Hello Microbe.net readers,
I am Fangqiong. I recently received the Microbiology of the Built Environment Postdoc Fellowship from the Alfred P. Sloan Foundation. I will be studying a kind of built environment microbiome, the microbiome in the urban water cycle, in Professor Eric Alm’s lab at MIT. I am very grateful to the Sloan Foundation for this opportunity. This blog post is to introduce the work I’m going to carry out with support from the Sloan Foundation. On a side note, as a long-time follower of microbe.net, I’m very excited to contribute a post to the website!
Rethinking the urban water cycle
I see my work fitting into a larger process of redefining the urban water cycle. In any modern city, the man-made water cycle supplies water for drinking and carries the waste away. Just like the water flow which seldom stops, the infrastructure supporting the water cycle has never been static. As an environmental engineer, I find it inspiring to learn about how the water infrastructure evolved from simple physical transport in the Roman era to including various chemical and physical-chemical treatment and disinfection technologies[1]. These technologies have virtually eradicated the epidemics of waterborne diseases such as cholera and typhoid.
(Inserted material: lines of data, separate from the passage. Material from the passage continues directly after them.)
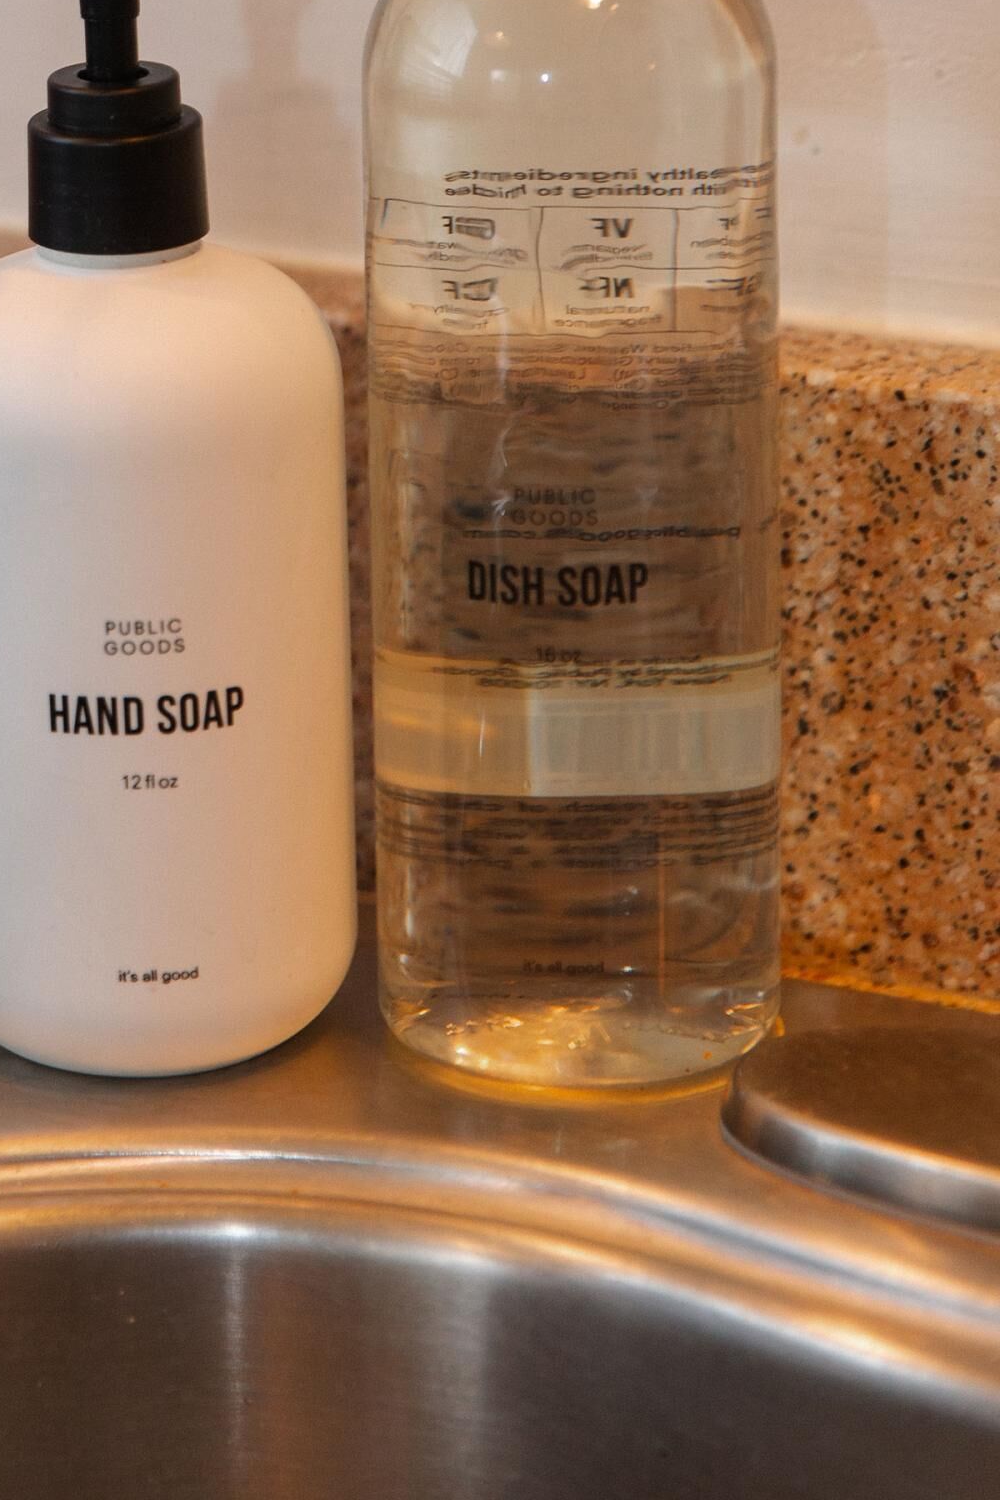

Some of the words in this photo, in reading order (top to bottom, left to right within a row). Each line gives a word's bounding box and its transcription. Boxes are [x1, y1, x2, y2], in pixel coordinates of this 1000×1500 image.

[513, 487, 597, 506] PUBLIC
[510, 507, 600, 527] GOODS
[467, 559, 546, 606] DISH
[556, 561, 649, 607] SOAP
[104, 617, 183, 636] PUBLIC
[103, 637, 186, 656] GOODS
[48, 693, 145, 736] HAND
[157, 686, 245, 735] SOAP
[122, 774, 142, 790] 12
[145, 773, 156, 789] fl
[158, 775, 180, 789] oz
[118, 969, 139, 982] it's
[142, 969, 158, 982] all
[161, 966, 199, 984] good
Currently, another revolution on the urban water cycle has begun. On the supply side, cities challenged by water shortages are looking into water sources that traditionally have not been viewed as suitable for consumption. In extremely water-stressed areas such as California and Texas, some cities are experimenting with the idea of “direct potable reuse”, which means connecting treated wastewater streams directly to a drinking water treatment facility[2]. On the sewage side, the underground urban wastewater is emerging as a source of energy, nutrients, and information. While technologies are available for turning the energy and nutrients into useful forms (e.g., biogas production and nitrogen/phosphorous recovery), how to make use of the vast information embedded in the urban sewage is like a revolution within the revolution.
Layers of stories within the water cycle microbiome
Along with the fluids traveling in the water cycle, there are streams of microbes. Water supplies bring in microbes from the source water. The time scale of urban water cycling could allow demographic dynamics in the microbial community, and the various chemical conditions involved in water treatments and distribution presents changes in the habitats of the microbes. For the sewage, human water use introduces a flux of human-associated bacteria and virus into the sewer. Together with that, the sewage streams also carry metabolites, food waste, residuals of personal care products and medicine from our daily life.
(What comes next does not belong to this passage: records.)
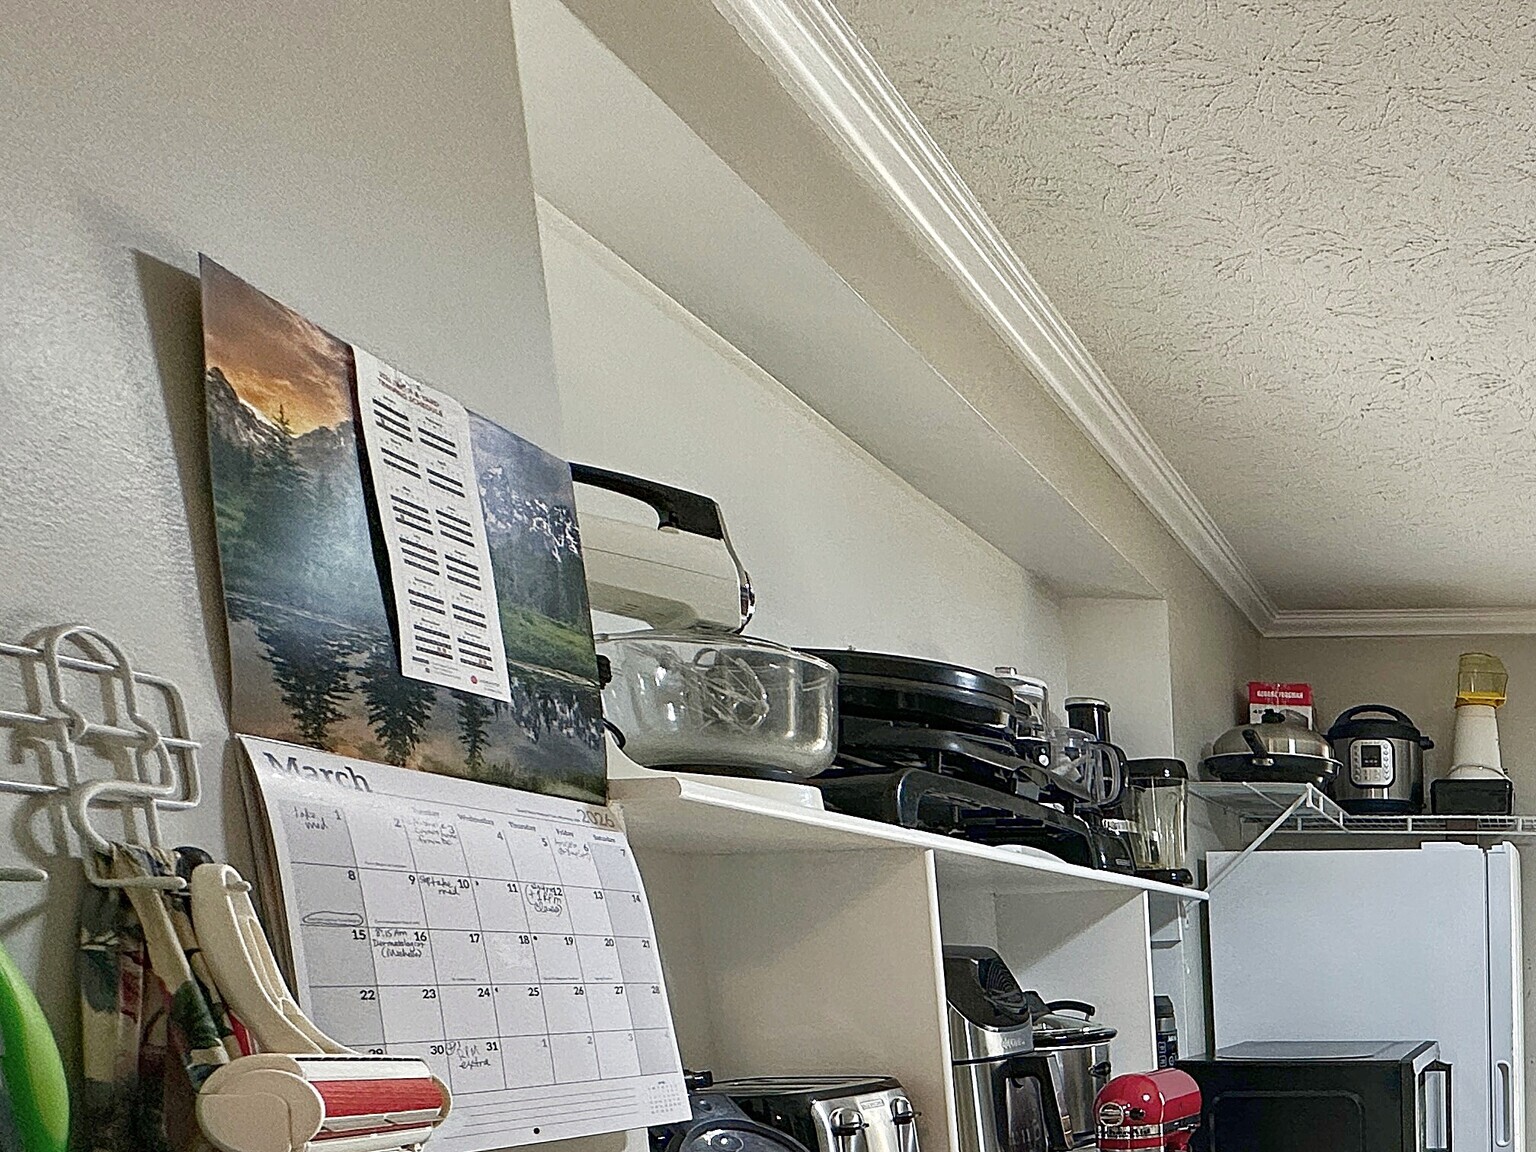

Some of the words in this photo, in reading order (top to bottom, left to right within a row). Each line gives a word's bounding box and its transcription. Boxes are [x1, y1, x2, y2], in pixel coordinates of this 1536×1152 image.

[263, 752, 374, 793] March
[576, 808, 616, 829] 2026
[347, 869, 356, 881] 8
[407, 874, 416, 885] 9
[456, 877, 470, 889] 10
[506, 882, 518, 894] 11
[552, 886, 564, 897] 12
[592, 889, 604, 901] 13
[631, 893, 641, 904] 14
[351, 928, 367, 941] 15
[413, 931, 428, 942] 16
[469, 933, 480, 944] 17
[518, 934, 530, 945] 18
[563, 936, 574, 946] 19
[604, 938, 615, 947] 20
[641, 939, 650, 948] 21
[359, 989, 376, 1001] 22
[422, 989, 437, 999] 23
[477, 987, 491, 998] 24
[527, 986, 540, 997] 25
[572, 985, 585, 996] 26
[614, 985, 625, 995] 27
[650, 985, 661, 995] 28
[429, 1045, 445, 1056] 30
[485, 1041, 499, 1051] 31
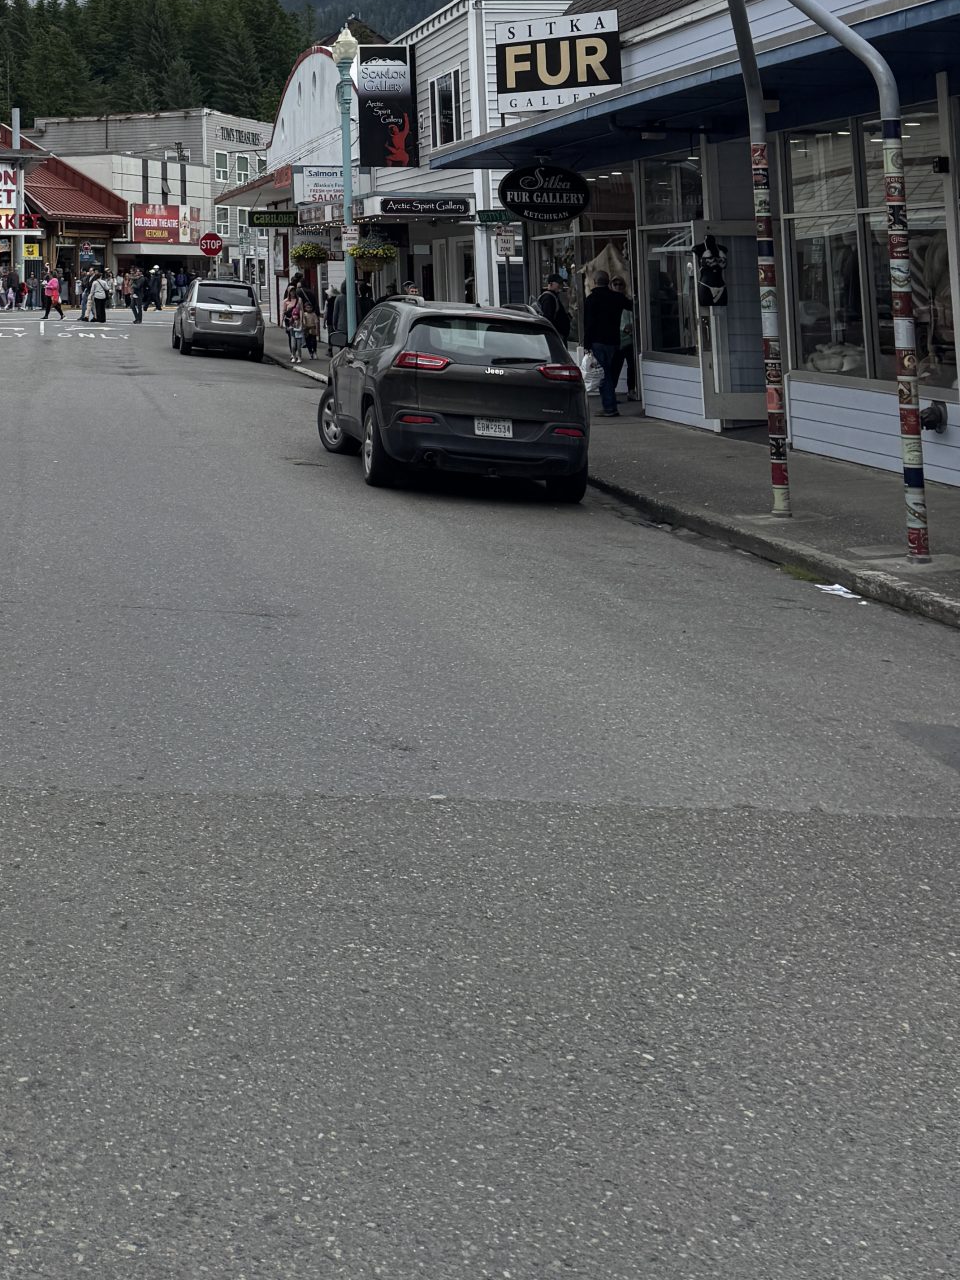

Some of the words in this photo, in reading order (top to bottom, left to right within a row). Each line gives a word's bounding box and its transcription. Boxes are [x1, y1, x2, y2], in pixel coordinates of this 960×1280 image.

[507, 16, 606, 40] SITKA
[505, 37, 611, 89] FUR
[365, 99, 384, 108] Arctic
[372, 108, 391, 117] Spirit
[380, 115, 403, 125] Gallery
[519, 167, 572, 190] Sitka
[506, 191, 530, 203] FUR
[533, 192, 585, 205] GALLERY
[386, 201, 410, 210] Arctic
[411, 201, 435, 212] Spirit
[435, 201, 465, 213] Gallery
[523, 209, 569, 220] KETCHIKAN
[134, 218, 158, 227] COLISEUM
[159, 218, 179, 228] THEATRE
[201, 239, 222, 249] STOP
[485, 367, 504, 376] Jeep
Cohabiting with microbes in the water cycle, we have a complicated relationship with them. What fascinates me the most is that we can look at them from different perspectives. Through drinking, hand washing, and inhaling shower aerosols, we receive fluxes of microbes through the water supply[3]. At the same time, their presence and distribution can be viewed as a source of information. We may be able to probe human activities and disease outbreaks from the sewage microbiome, or to develop new water treatment targets for recycled wastewater.
Mining the “Underworlds”
In the proposed research, we aim to explore the capability of sewage microbiome in reflecting the microbiome of urban human populations. We aim to identify human-associated microbial species and functional genes on a city scale by systematically cataloguing the microbiome of untreated sewage in Cambridge, MA. This would involve amplicon and metagenomics sequencing of the bacterial and viral fractions of the sewage samples. These experiments will be followed by computational analysis on the whole bacterial community and certain targeted viral populations. Such data can be utilized to develop candidate targets for monitoring sewage impact of the water supply and better manage the water cycle.
[1] For a reference on stages of water supply technology revolutions: Sedlak, D. (2014). Water 4.0: the past, present, and future of the world’s most vital resource. Yale University Press.
[2] An example of established direct potable reuse plant:
Commission on Environmental Quality. Extended Drought Fosters New Approaches. Natural Outlook (2013). at <https://www.tceq.texas.gov/publications/pd/020/2013-NaturalOutlook/extended-drought-fosters-new-approaches>
National Public Radio. Drought-Stricken Texas Town Turns To Toilets For Water. (2014). at <http://www.npr.org/2014/05/06/309101579/drought-stricken-texas-town-turns-to-toilets-for-water>
An example of water reuse demonstration project:
City of San Diego Diego. Water Purification Demonstration Project. at <http://www.sandiego.gov/water/purewater/demo/>
[3] Click to read a story on microbial communities in household water meters from my doctoral research: http://www.nature.com/ismej/journal/vaop/ncurrent/full/ismej2015136a.html
Fangqiong
Thanks for the post. I made a couple of minor edits on this — I made the links at the end “hot” and I added some Categories”.